Discourse emails are marked as spam on GMail

(Kuba) #1

I am trying to set up a production installation of Discourse, it’s hosted on Digital Ocean and I am having a very simple issue that GMail marks all emails sent from Discourse as spam. Gmail says It’s similar to messages that were detected by our spam filters. Other mail providers seem to be fine, at least the ones I tried.

I know this probably does not belong here, because it’s not a problem of Discourse, but an issue of my server/hosting/mail configuration. But I’d still like to know if anyone else is having the same problem, or if anyone can point me to things to check or to a solution.

I do have SFP records and DKIM keys set up, and the email headers say:

Received-SPF: pass (google.com: domain of ... designates 198.199... as permitted sender) client-ip=198.199....;
Authentication-Results: mx.google.com;
   spf=pass (google.com: domain of ... designates 198.199... as permitted sender) smtp.mail=...;
   dkim=pass header.i=@...

Reverse DNS, full hostname on the server, all done.

I have experimented with it a little and found out: When I remove all links from the email, suddently it’s not marked as spam. When I insert any link, such as a link to google.com, it is marked as spam!

I am running a Czech version of Discourse, but even when I switch back to English, it’s still the same. Anyway, I really have no idea how to even dig into this and get any info about what’s wrong. How do I troubleshoot this spam problem? What should I check?

(Iszi) #2

While it may not technically be Discourse’s problem, it would be very beneficial if the team could do something to avoid triggering spam filters.

That said, I also use GMail and I’m pretty sure I haven’t had a Discourse e-mail dropped into spam yet. I’ll have to watch out for that though.

(Jeff Atwood) #3

Well, this could also have to do with the specific language (read, not English) being used in the mail. Certainly we send emails via Gmail with links in them and they are not blanket marked as spam. In general Gmail works very well in not generating false spam positives.

Could also be that Google does not like the ip ranges used to send the email, where are the servers located? The ips do not appear on any spam lists at all?

(Kuba) #4

The checker at Email Blacklist Check - See if your server is blacklisted gives me all green for my IP address. Should I try to check other IPs from the ISP’s range? I also tried switching the site to English and sending emails in English with no change.

(Jeff Atwood) #5

I think we need the full text of the email that is being sent to even begin figuring this out. I see that the server is Digital Ocean, so presumably from there.
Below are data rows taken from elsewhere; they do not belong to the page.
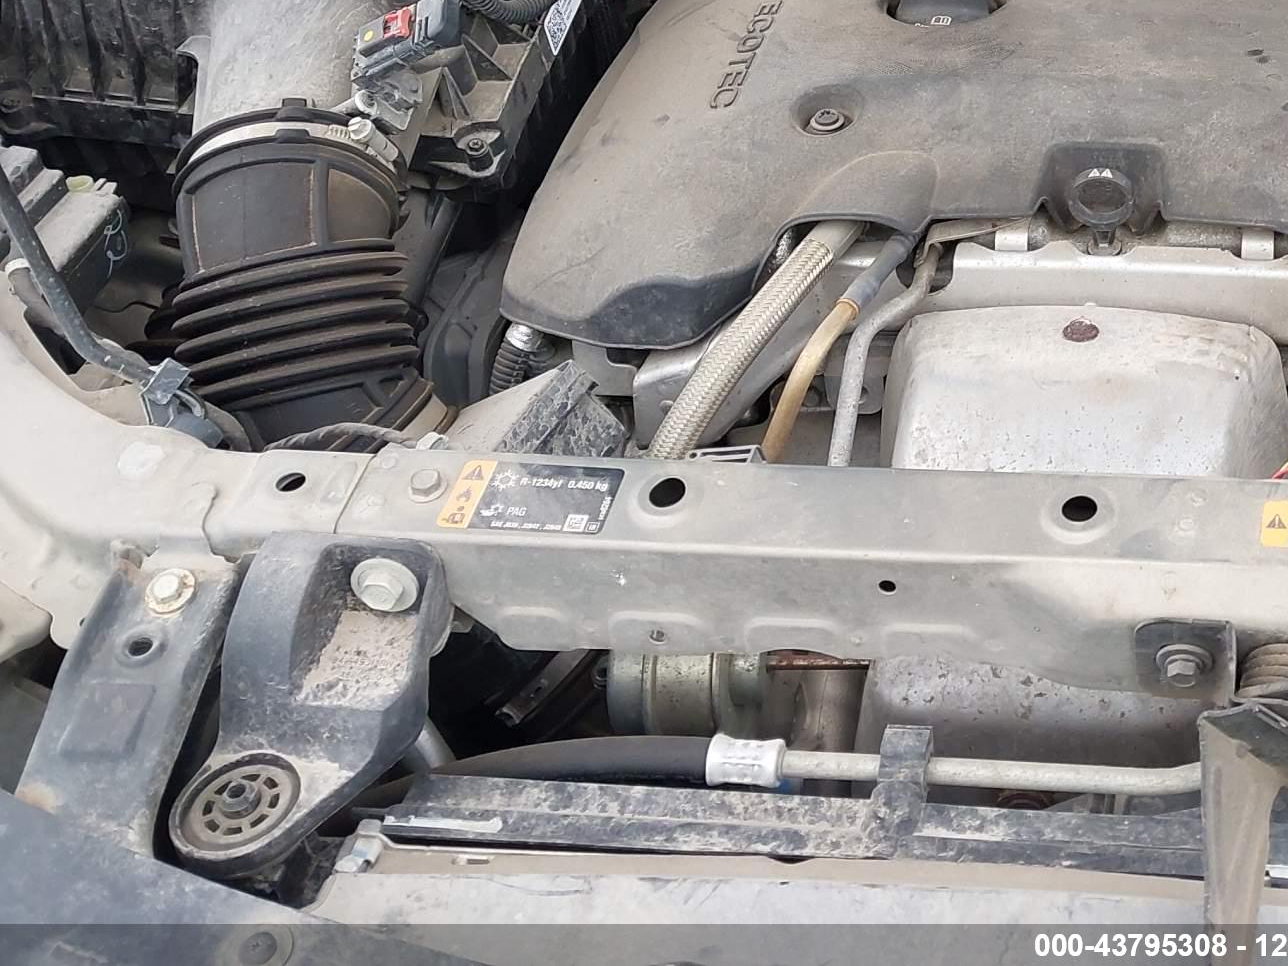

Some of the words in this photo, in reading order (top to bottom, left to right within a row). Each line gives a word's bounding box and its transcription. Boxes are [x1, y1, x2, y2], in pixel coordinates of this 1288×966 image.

[709, 0, 784, 110] ECOTEC
[567, 479, 594, 490] 0.450
[596, 481, 609, 492] kg
[506, 506, 528, 516] PAG
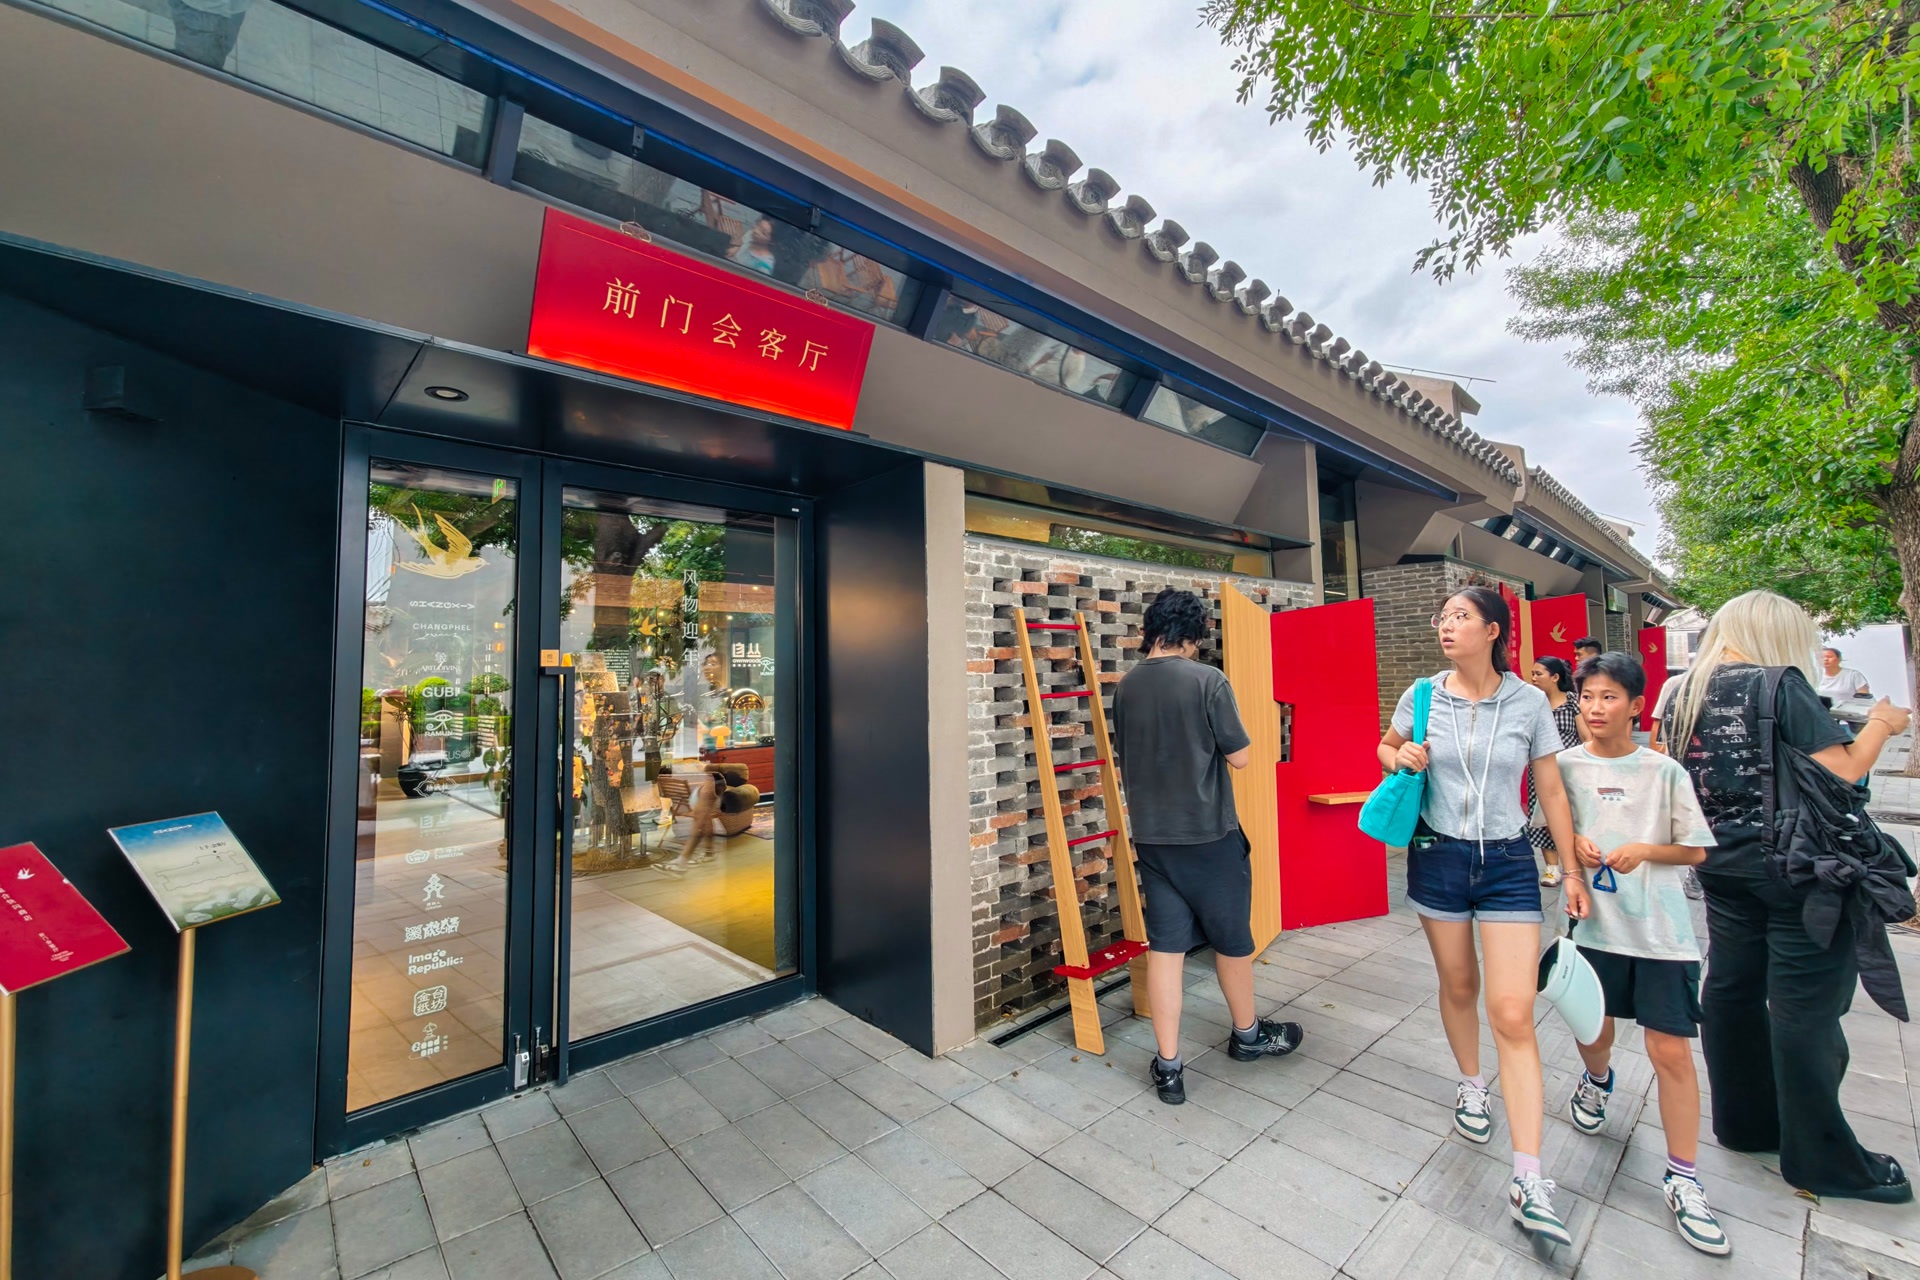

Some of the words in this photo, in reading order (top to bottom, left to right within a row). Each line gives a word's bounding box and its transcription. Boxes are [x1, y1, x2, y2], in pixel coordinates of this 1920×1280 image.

[602, 277, 829, 372] 前门会客厅
[412, 623, 472, 632] CHANGPHEL
[682, 569, 698, 666] 风物迎年
[422, 686, 461, 698] GUBI
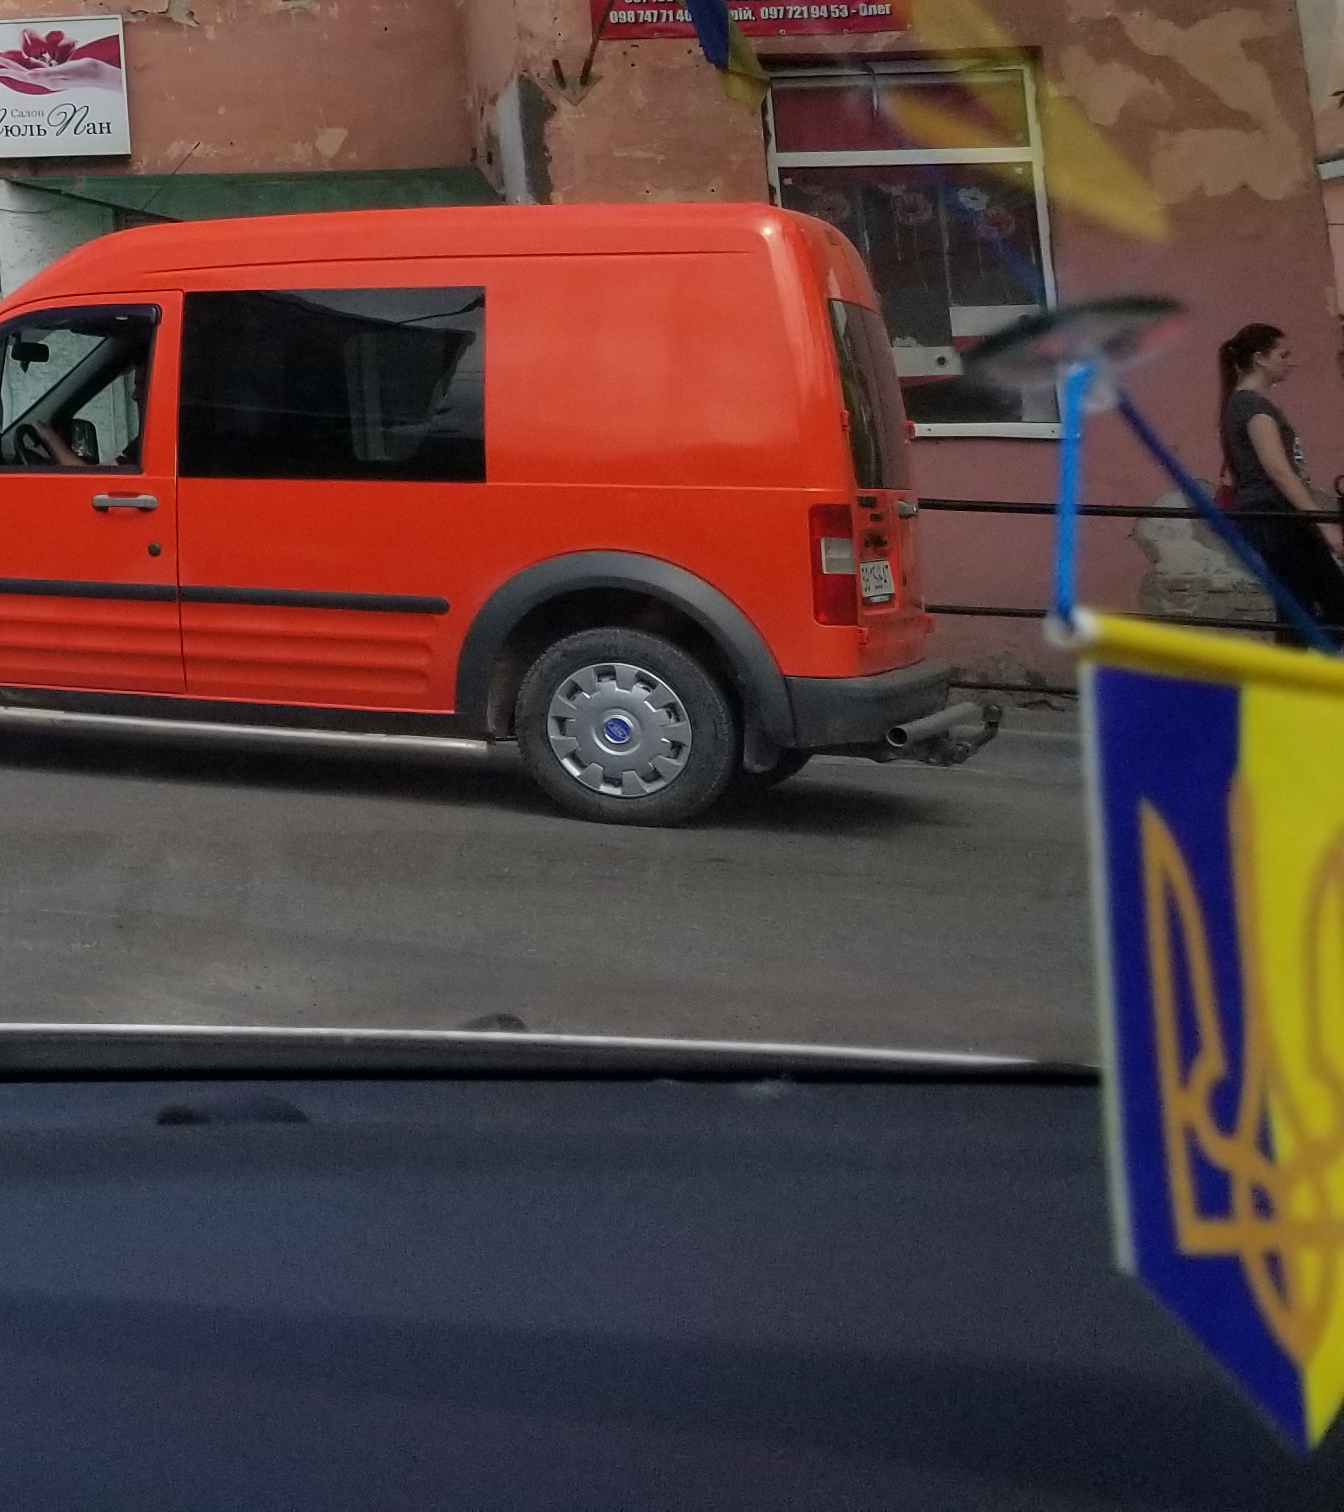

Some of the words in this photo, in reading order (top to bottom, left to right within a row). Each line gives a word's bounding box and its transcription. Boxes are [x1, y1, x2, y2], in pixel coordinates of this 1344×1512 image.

[610, 10, 635, 23] 098
[637, 10, 658, 23] 747
[661, 10, 674, 23] 71
[760, 7, 785, 20] 097
[786, 6, 808, 19] 721
[811, 5, 828, 18] 94
[830, 4, 848, 18] 53
[10, 109, 45, 118] Салон
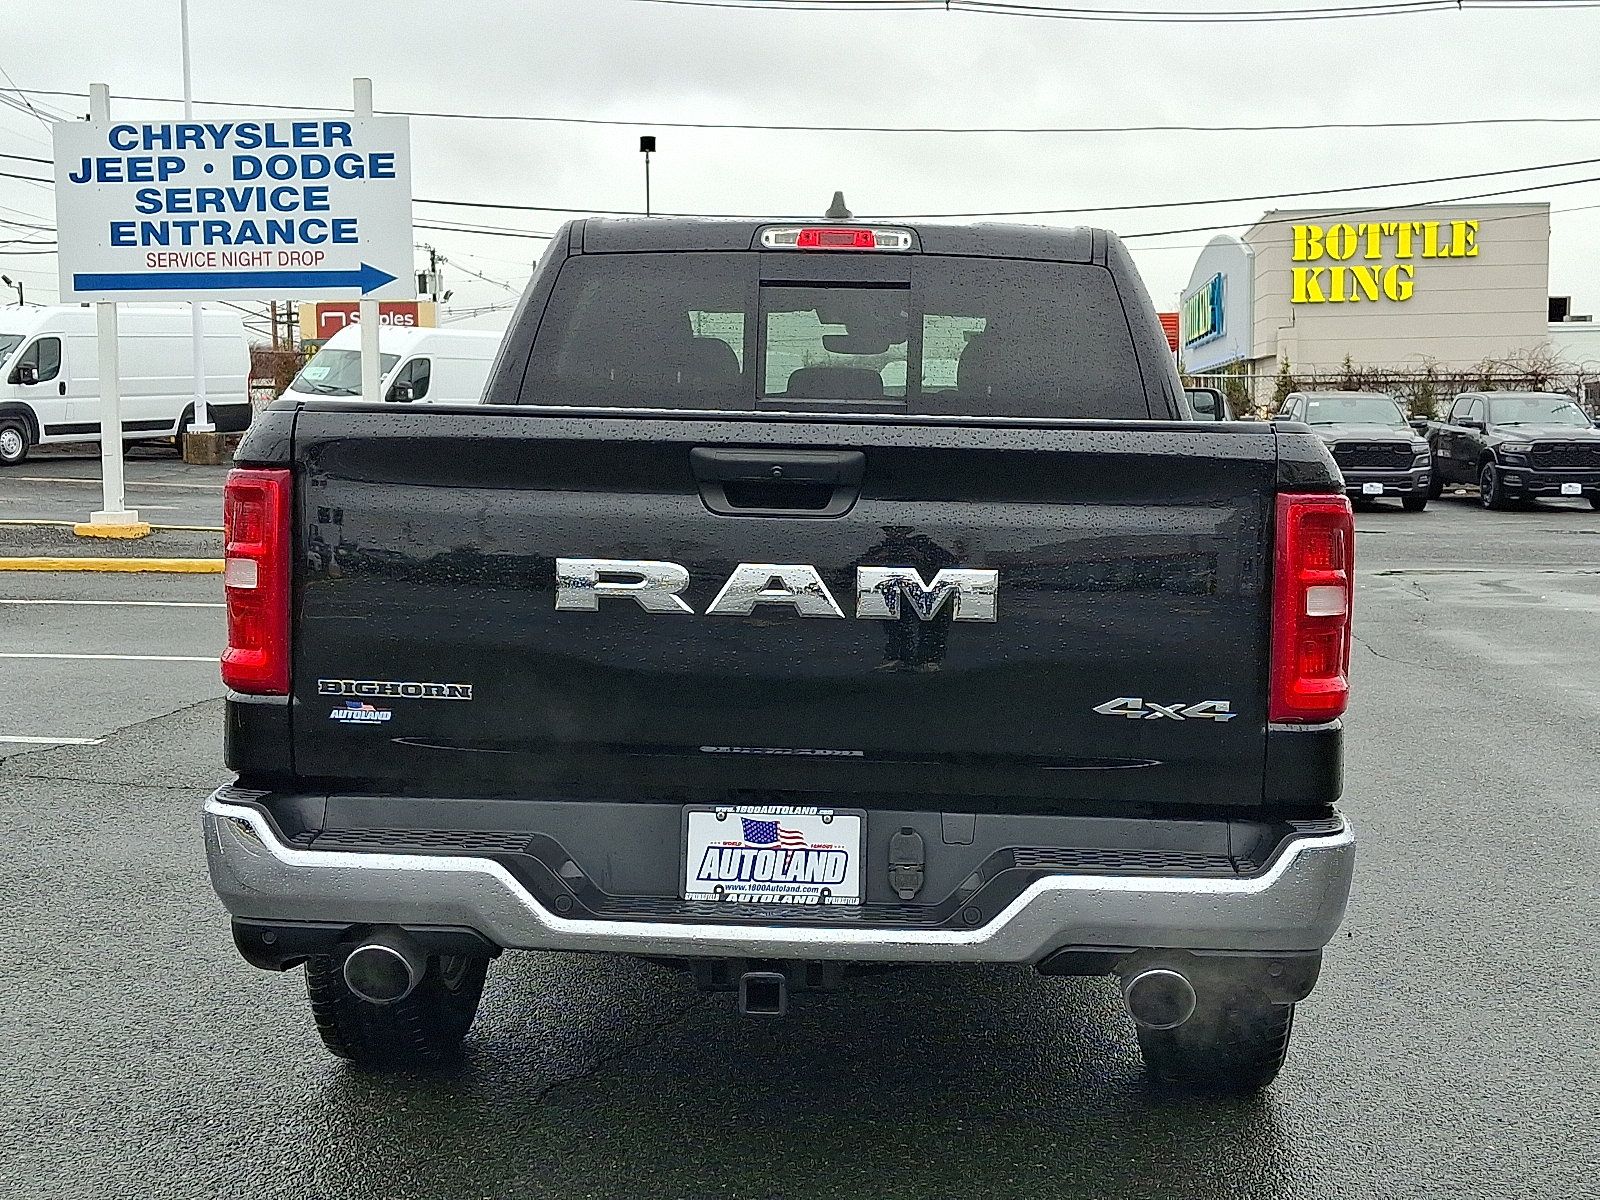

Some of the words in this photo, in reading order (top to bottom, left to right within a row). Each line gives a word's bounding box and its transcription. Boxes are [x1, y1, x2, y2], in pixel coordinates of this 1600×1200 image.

[108, 121, 352, 150] CHRYSLER
[69, 156, 186, 184] JEEP
[232, 153, 396, 181] DODGE
[135, 185, 330, 214] SERVICE
[110, 218, 359, 247] ENTRANCE
[1291, 219, 1480, 261] BOTTLE
[146, 252, 217, 268] SERVICE
[222, 252, 272, 267] NIGHT
[278, 251, 325, 266] DROP
[1291, 264, 1415, 304] KING
[350, 311, 415, 326] Sples
[555, 557, 999, 623] RAM
[318, 679, 473, 700] BIGHORN
[329, 709, 392, 721] AUTOLAND
[696, 846, 849, 884] AUTOLAND
[725, 884, 819, 894] www.1800Autoland.com
[725, 893, 819, 905] AUTOLAND
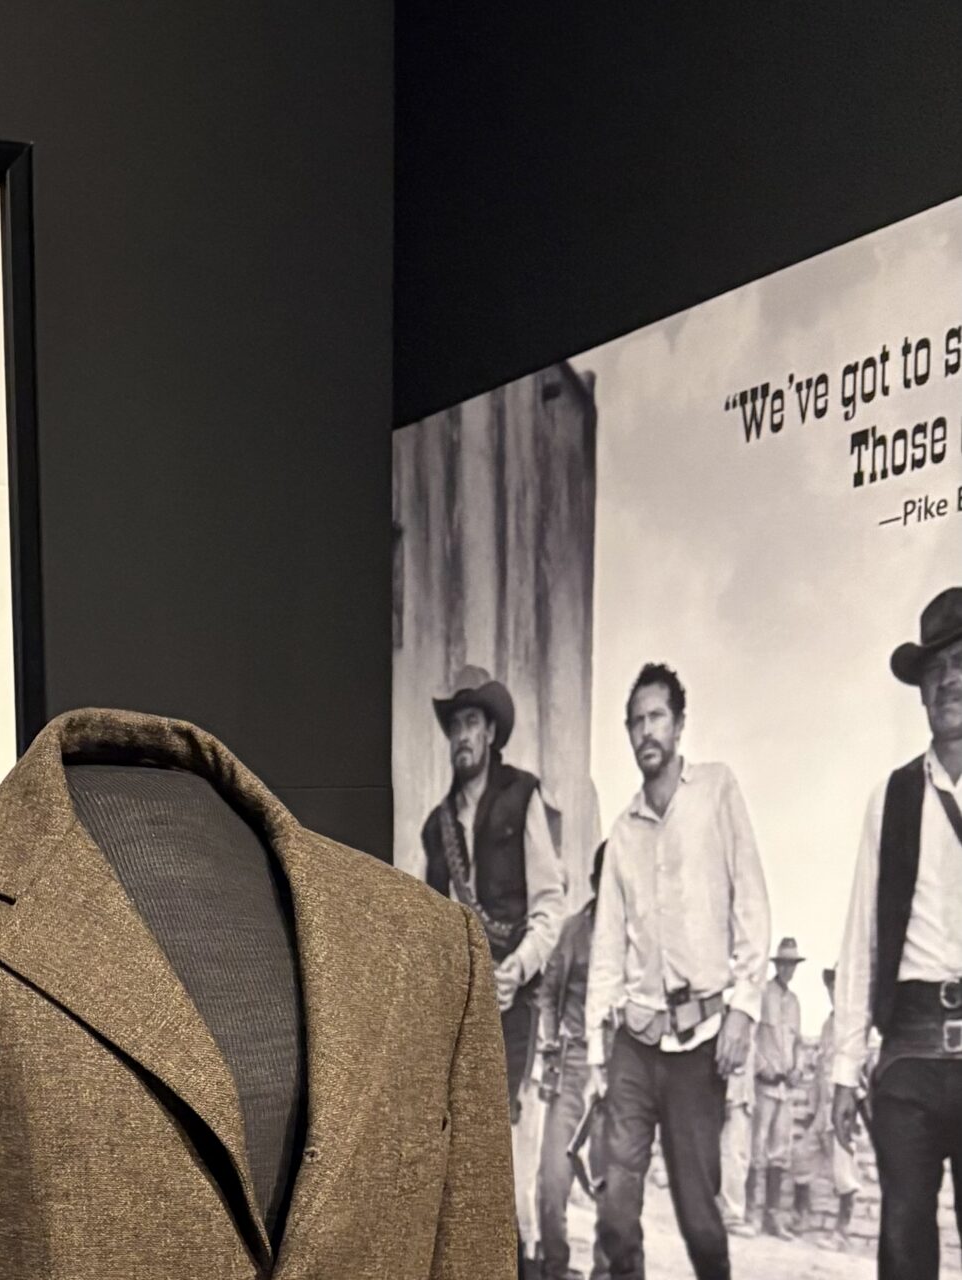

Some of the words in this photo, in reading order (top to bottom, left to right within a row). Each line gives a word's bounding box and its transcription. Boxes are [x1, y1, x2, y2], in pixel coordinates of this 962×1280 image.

Maybe there are other trigger words in the text, the forum title, the domain name, etc?

(Iszi) #6

Have you tested from a brand-new GMail account after the switch to English? GMail for your account might be continuing to flag based on its past detections.

(Attila Szeremi) #7

Do you have links to any url shortening services such as tinyurl.com by any chance? Gmail always marks e-mails with url shortening service links as spam.

(James) #8

I had this problem when I started using Discourse (version 0.9.4 and my forum is in English). But after classifying those emails as ‘non spam,’ all new emails have been non-spam from then on.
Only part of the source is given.